Except that for H-11B, calculations indicate that bremsstrahlung will exceed fusion power production if the plasma is quasi-neutral and in thermal equilibrium. H-11B might be made to work via inertial confinement fusion. But that requires compressions in the implosion by a factor of a 100,000 or so, much larger than for DT fusion.

http://en.wikipedia.org/wiki/Nuclear_fusion#Bremsstrahlung_losses_in_quasineutral.2C_isotropic_plasmas

(Some tricks might be able to suppress this, but they appear fairly heroic and not really compatible with a practical concept.)

[fridgepunk.livejournal.com]

He-3 is hard to extract from the moon, can only be used as a fuel in a fusion reaction no one's made work as a power source yet, and the far easier fusion reactions, like D-T fusion which ITER will be investigating in a few years, will produce He-3 as a side product anyway (as indeed, can one produce He-3 from just letting tritium decay - and given that Tritium is abundant enough on earth to make it a good fuel for fusion reactors...).

Therefore Lunar He-3 is of course the GREATEST JUSTIFICATION FOR MANNED SPACE TRAVEL EVER IN THE HISTORY OF EVER, according to sf writers james has inflicted upon him in his job as a reviewer (Baxter is especially prone to using it for instance, among the many other reasons James has for disliking Baxter's work).

[fivemack.livejournal.com]

Tritium has a 4500-day half-life, so exists on Earth only as the result of substantial technological intervention; since you need it to make H-bombs go off, the substantial technological intervention occurred.

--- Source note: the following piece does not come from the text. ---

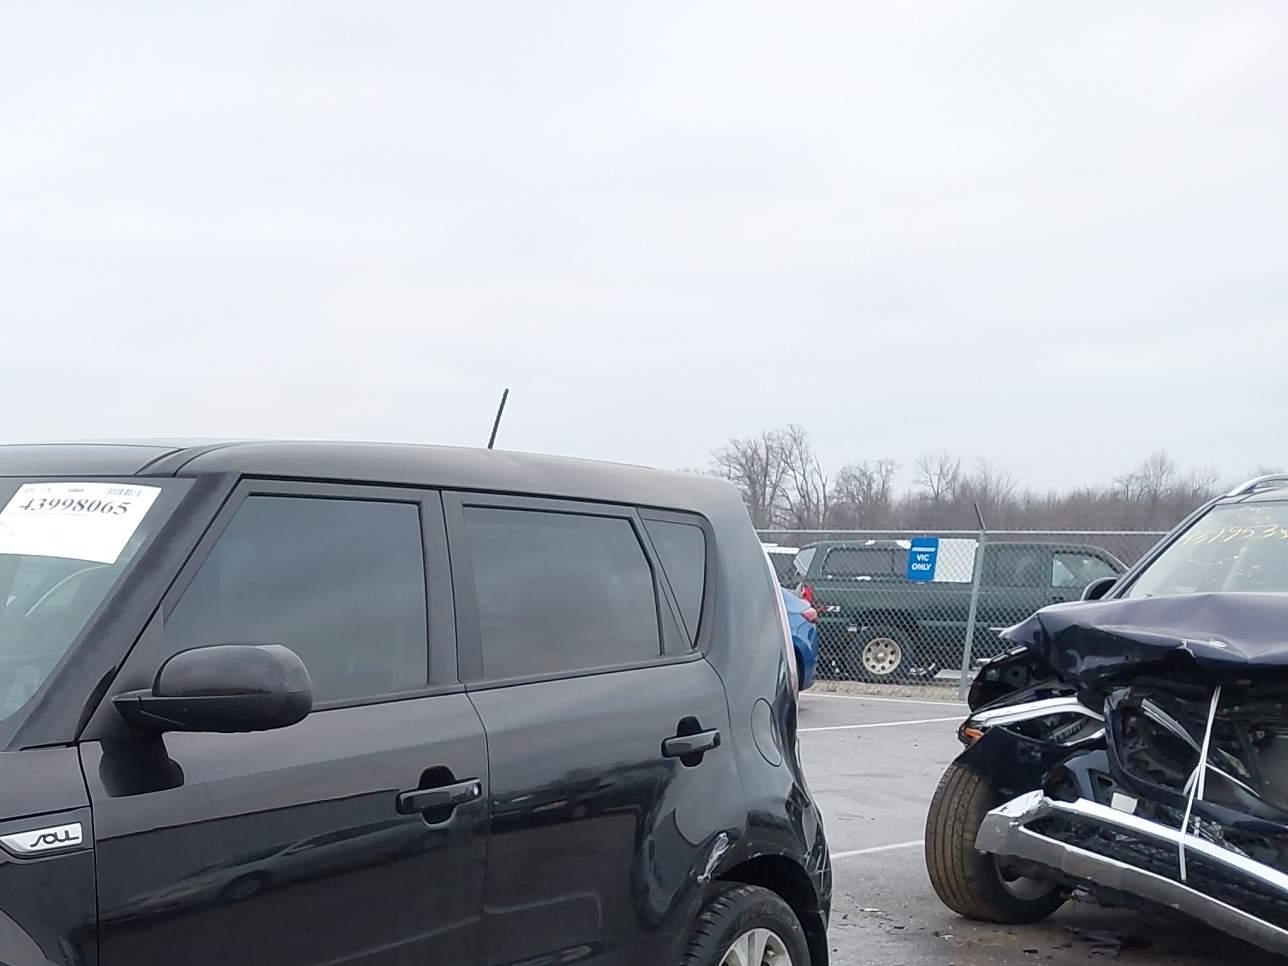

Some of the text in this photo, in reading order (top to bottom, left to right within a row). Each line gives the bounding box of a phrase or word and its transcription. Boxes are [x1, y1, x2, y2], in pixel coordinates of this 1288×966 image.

[19, 497, 132, 516] 43998065
[916, 553, 930, 562] VIC
[911, 562, 932, 571] ONLY
[29, 829, 80, 848] SOUL

You make it by irradiating lithium rods in conventional fission reactors (the rods replace conventional control rods); proposed fusion reactors have a lithium blanket which both makes more tritium and provides some neutron shielding.

Production rates at present aren't great - 1.2 grams per rod in an eighteen-month cycle, 240 rods in the reactor at any one time, so about half a pound per year.

[anton-p-nym.livejournal.com]

Tangential point; CANDU produced enough tritium as a by-product of its PHR operations to support light industrial use back when I was a student. (IIRC, they had a nice sideline in self-illuminating EXIT signs.)

-- Steve's google-fu is weak today, else he'd provide reference links above.

[timgueguen.livejournal.com]

Mining the Moon is dangerous. Just ask Steve Austin. He had to go to the Moon to stop a lunar mining expedition from destroying Earth. (As seen in the Six Million Dollar Man episodes "Dark Side of the Moon, Part One and Two" which feature a scientist who sounds bit like today's He3 fanboys.)

[mmcirvin.livejournal.com]

Just look at how overmining made the Klingons' moon explode.